Ending a project that once sought to build a world-spanning financial network, Meta announced on the Novi website Friday that the pilot test of its blockchain-based money-transfer app would end in September.
Novi was a far cry from what Meta CEO Mark Zuckerberg and then-Meta executive David Marcus originally envisioned. They unveiled plans for a stablecoin, initially called Libra, in 2019, with plans to launch it in 2020, along with a crypto wallet called Calibra. It soon faced resistance from regulators around the globe. The token was renamed Diem and the wallet Novi, but the new name didn't change official skepticism.
Novi eventually launched as a money-transfer service using the USDP stablecoin issued by Paxos, not the still-unlaunched Diem, and operating only between the U.S. and Guatemala. Marcus left Meta last year, and Meta sold assets related to the project to its banking partner, Silvergate.
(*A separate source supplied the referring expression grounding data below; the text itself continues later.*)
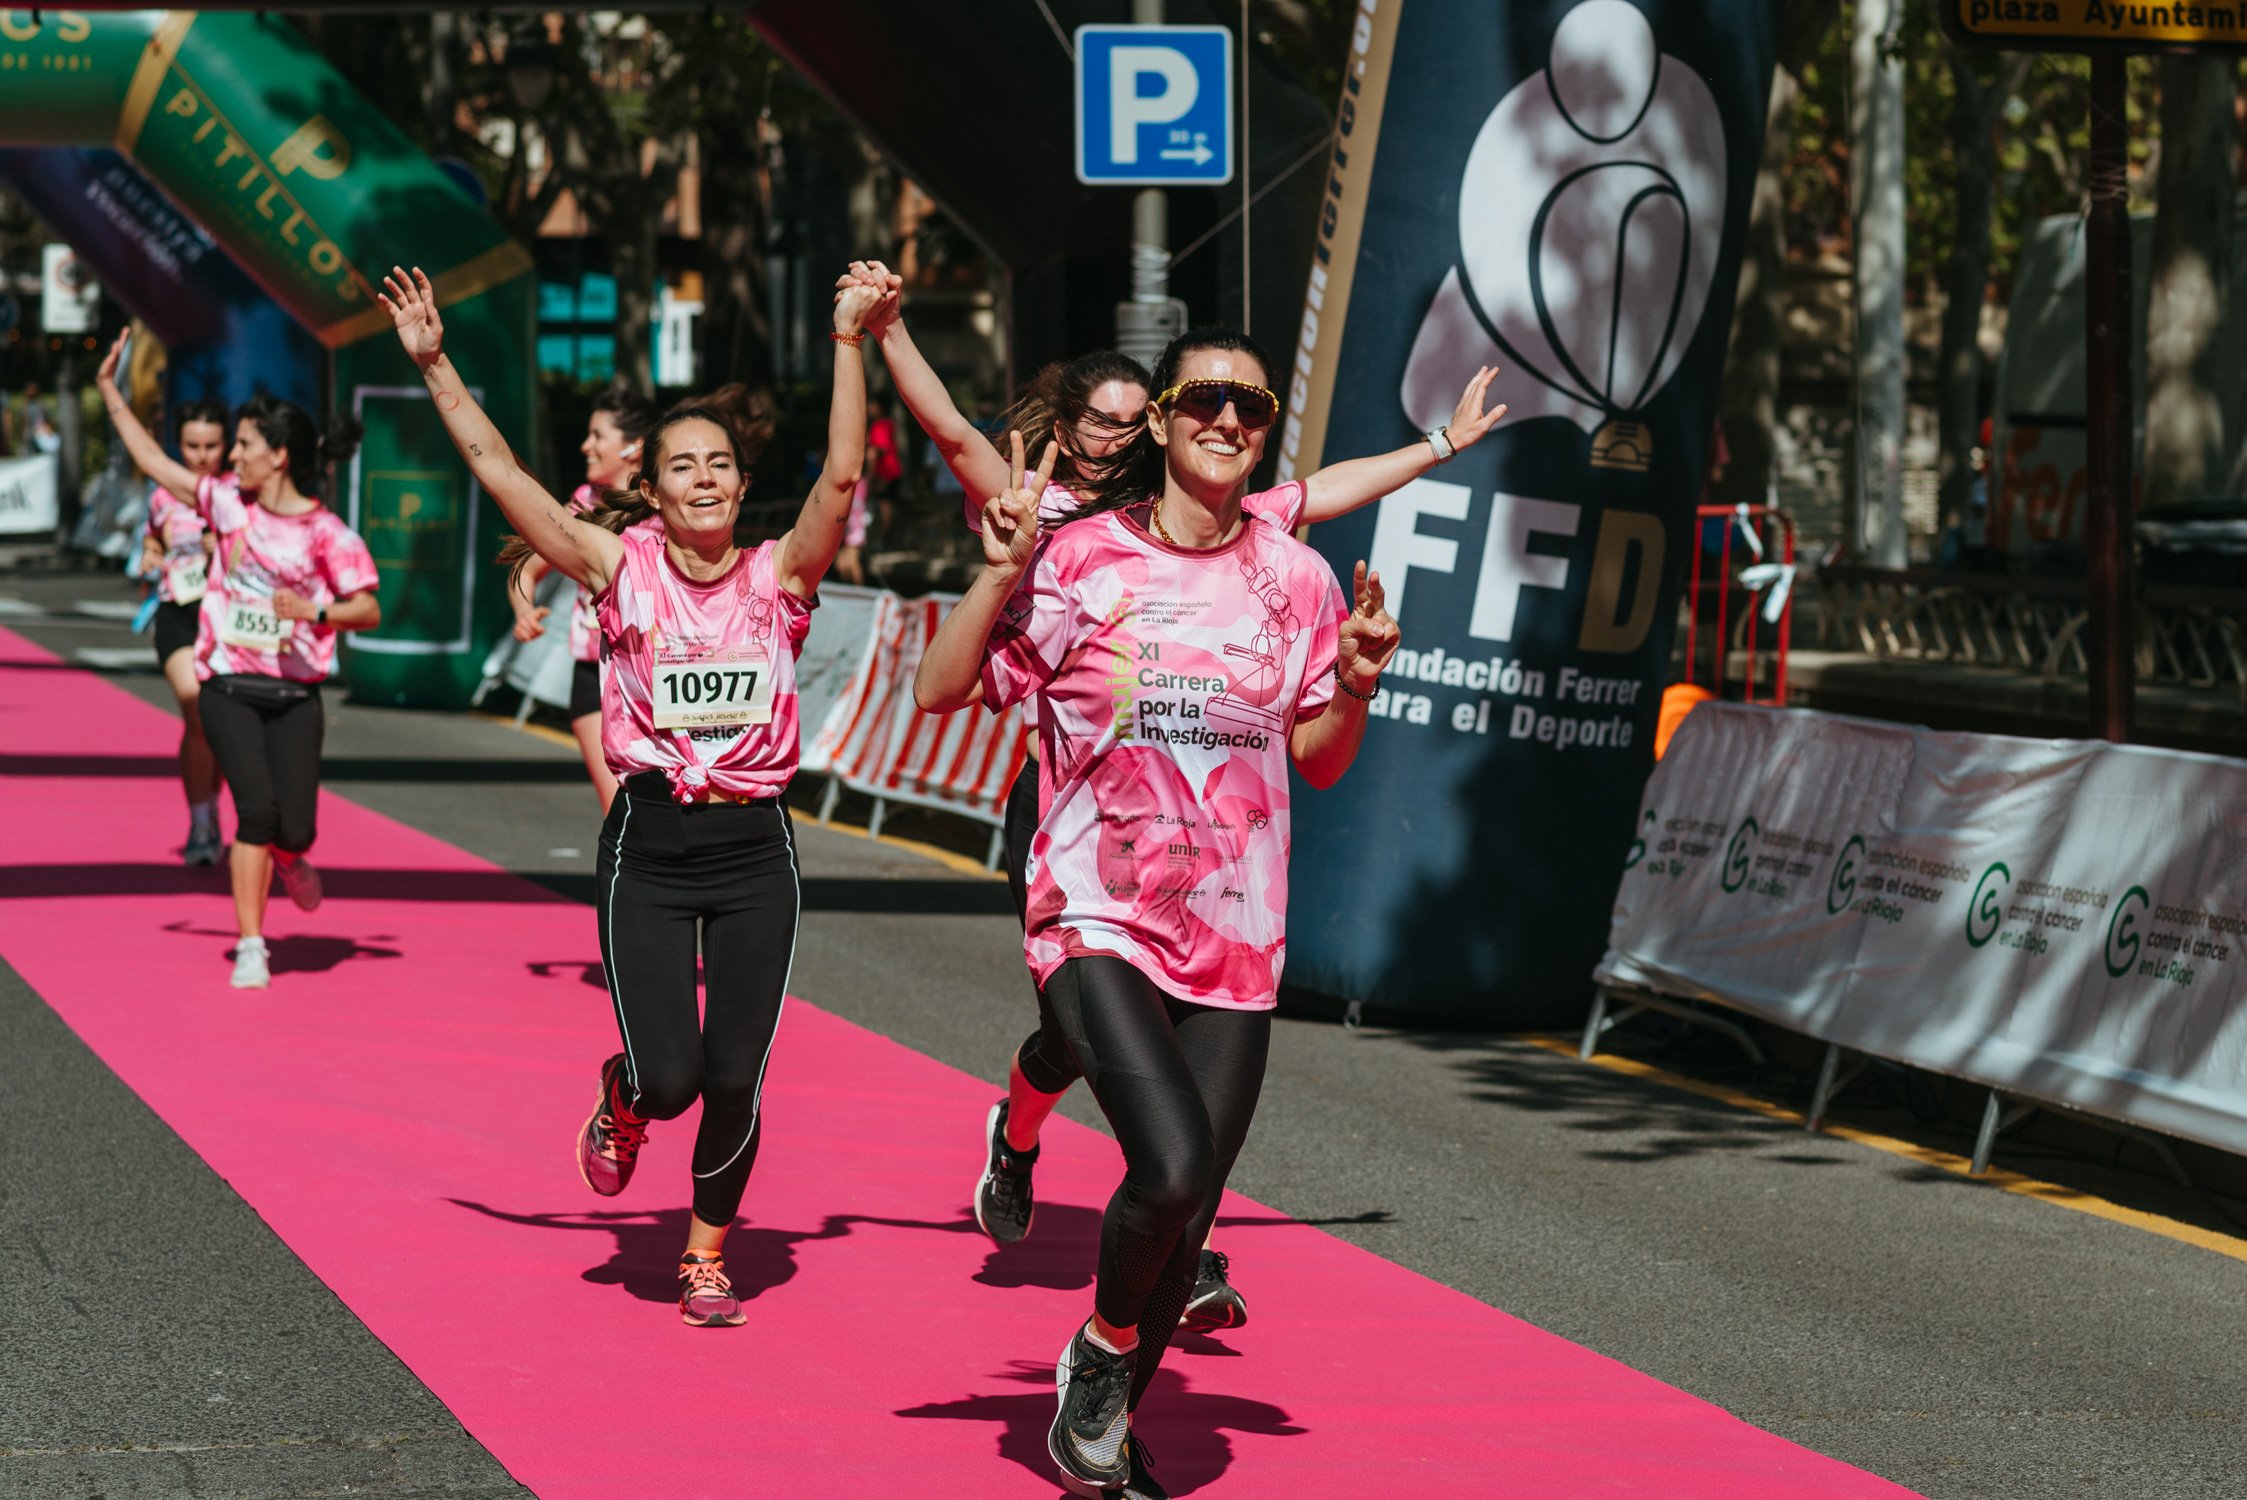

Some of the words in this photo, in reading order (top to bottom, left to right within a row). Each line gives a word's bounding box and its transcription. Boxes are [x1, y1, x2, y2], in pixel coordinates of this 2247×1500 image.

[1971, 0, 2059, 26] plaza
[1111, 47, 1199, 164] P
[1367, 478, 1665, 653] FFD
[1142, 600, 1178, 608] asociación
[1179, 600, 1212, 608] española
[1173, 608, 1197, 616] cáncer
[1162, 617, 1179, 625] Rioja
[1138, 642, 1159, 661] XI
[662, 671, 758, 704] 10977
[1105, 640, 1140, 740] mujer
[1138, 668, 1225, 693] Carrera
[1556, 667, 1641, 706] Ferrer
[1139, 699, 1176, 719] por
[1180, 698, 1199, 719] la
[1368, 688, 1432, 726] ara
[1451, 700, 1491, 735] el
[1509, 704, 1634, 751] Deporte
[2154, 958, 2168, 979] La
[2168, 960, 2194, 988] Rioja
Novi was supposed to become the new brand for all of Meta's financial products, including Facebook Pay. But after Marcus' departure, Meta started downplaying the Novi name. Meta's financial operations became Meta Financial Technologies in March, and Facebook Pay became Meta Pay in June.
Meta hasn't completely abandoned its blockchain ambitions, signaling that support for cryptocurrency payments will eventually be built into Meta Pay.
The rebranding wasn't cheap: An affiliate of Meta, Beige Key LLC, paid MetaBank $60 million last year for the rights to the trademark. MetaBank is renaming itself Pathward.
Marcus has founded a startup called Lightspark, which is working on developing Lightning, a payments technology that runs on top of the bitcoin blockchain.